ASSIGNED TASK: Return only the line containing "this 1280×1707 image." and each line after it, exactly as written, through the end of the records.

___ INPUT MATERIAL ___

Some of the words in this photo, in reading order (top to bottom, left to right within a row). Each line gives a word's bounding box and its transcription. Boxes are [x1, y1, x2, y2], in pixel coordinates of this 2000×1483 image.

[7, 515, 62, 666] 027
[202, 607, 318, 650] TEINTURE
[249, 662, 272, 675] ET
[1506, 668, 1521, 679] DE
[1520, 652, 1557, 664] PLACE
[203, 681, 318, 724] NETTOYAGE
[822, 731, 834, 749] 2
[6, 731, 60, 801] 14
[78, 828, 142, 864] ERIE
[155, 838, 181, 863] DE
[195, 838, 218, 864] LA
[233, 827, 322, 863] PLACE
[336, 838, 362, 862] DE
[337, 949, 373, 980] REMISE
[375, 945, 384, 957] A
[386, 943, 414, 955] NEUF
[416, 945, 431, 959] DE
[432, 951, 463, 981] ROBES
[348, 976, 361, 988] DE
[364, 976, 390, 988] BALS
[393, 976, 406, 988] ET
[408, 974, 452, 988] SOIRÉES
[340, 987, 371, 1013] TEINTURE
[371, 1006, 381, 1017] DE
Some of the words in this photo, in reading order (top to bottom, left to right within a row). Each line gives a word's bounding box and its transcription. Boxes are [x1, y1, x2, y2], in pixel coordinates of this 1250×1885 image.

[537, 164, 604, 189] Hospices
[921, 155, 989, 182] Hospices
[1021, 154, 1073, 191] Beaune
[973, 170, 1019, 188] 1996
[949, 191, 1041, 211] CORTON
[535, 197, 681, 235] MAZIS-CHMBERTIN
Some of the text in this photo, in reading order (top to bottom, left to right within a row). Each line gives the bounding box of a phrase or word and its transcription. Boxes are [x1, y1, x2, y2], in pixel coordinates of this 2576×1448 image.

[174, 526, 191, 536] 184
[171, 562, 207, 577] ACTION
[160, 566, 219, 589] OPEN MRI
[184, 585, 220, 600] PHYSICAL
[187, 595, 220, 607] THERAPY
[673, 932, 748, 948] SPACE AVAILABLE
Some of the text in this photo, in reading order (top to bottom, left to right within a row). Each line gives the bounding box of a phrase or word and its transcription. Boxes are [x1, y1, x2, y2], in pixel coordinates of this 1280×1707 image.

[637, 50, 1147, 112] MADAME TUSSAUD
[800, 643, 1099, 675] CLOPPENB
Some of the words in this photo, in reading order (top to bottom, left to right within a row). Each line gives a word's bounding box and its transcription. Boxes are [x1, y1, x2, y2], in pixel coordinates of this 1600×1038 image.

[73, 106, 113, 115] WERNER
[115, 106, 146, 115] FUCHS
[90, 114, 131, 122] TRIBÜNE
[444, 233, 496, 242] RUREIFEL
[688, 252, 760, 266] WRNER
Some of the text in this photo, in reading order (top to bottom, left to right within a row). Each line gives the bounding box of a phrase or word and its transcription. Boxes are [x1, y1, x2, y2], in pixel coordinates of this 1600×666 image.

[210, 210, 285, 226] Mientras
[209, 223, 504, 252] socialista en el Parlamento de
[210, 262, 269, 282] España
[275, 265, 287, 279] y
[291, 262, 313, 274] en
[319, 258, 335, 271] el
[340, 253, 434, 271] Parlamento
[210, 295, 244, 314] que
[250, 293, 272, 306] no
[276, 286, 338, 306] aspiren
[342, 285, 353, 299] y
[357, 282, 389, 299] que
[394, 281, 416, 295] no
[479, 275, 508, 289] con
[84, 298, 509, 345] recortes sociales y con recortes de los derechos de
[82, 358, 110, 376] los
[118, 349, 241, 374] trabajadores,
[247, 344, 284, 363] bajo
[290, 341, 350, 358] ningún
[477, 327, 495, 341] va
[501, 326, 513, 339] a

___

THE COMPLETED TASK:
Some of the text in this photo, in reading order (top to bottom, left to right within a row). Each line gives the bounding box of a phrase or word and its transcription. Boxes are [x1, y1, x2, y2], in pixel coordinates of this 1280×1707 image.

[637, 50, 1147, 112] MADAME TUSSAUD
[800, 643, 1099, 675] CLOPPENB
Some of the words in this photo, in reading order (top to bottom, left to right within a row). Each line gives a word's bounding box and its transcription. Boxes are [x1, y1, x2, y2], in pixel coordinates of this 1600×1038 image.

[73, 106, 113, 115] WERNER
[115, 106, 146, 115] FUCHS
[90, 114, 131, 122] TRIBÜNE
[444, 233, 496, 242] RUREIFEL
[688, 252, 760, 266] WRNER
Some of the text in this photo, in reading order (top to bottom, left to right within a row). Each line gives the bounding box of a phrase or word and its transcription. Boxes are [x1, y1, x2, y2], in pixel coordinates of this 1600×666 image.

[210, 210, 285, 226] Mientras
[209, 223, 504, 252] socialista en el Parlamento de
[210, 262, 269, 282] España
[275, 265, 287, 279] y
[291, 262, 313, 274] en
[319, 258, 335, 271] el
[340, 253, 434, 271] Parlamento
[210, 295, 244, 314] que
[250, 293, 272, 306] no
[276, 286, 338, 306] aspiren
[342, 285, 353, 299] y
[357, 282, 389, 299] que
[394, 281, 416, 295] no
[479, 275, 508, 289] con
[84, 298, 509, 345] recortes sociales y con recortes de los derechos de
[82, 358, 110, 376] los
[118, 349, 241, 374] trabajadores,
[247, 344, 284, 363] bajo
[290, 341, 350, 358] ningún
[477, 327, 495, 341] va
[501, 326, 513, 339] a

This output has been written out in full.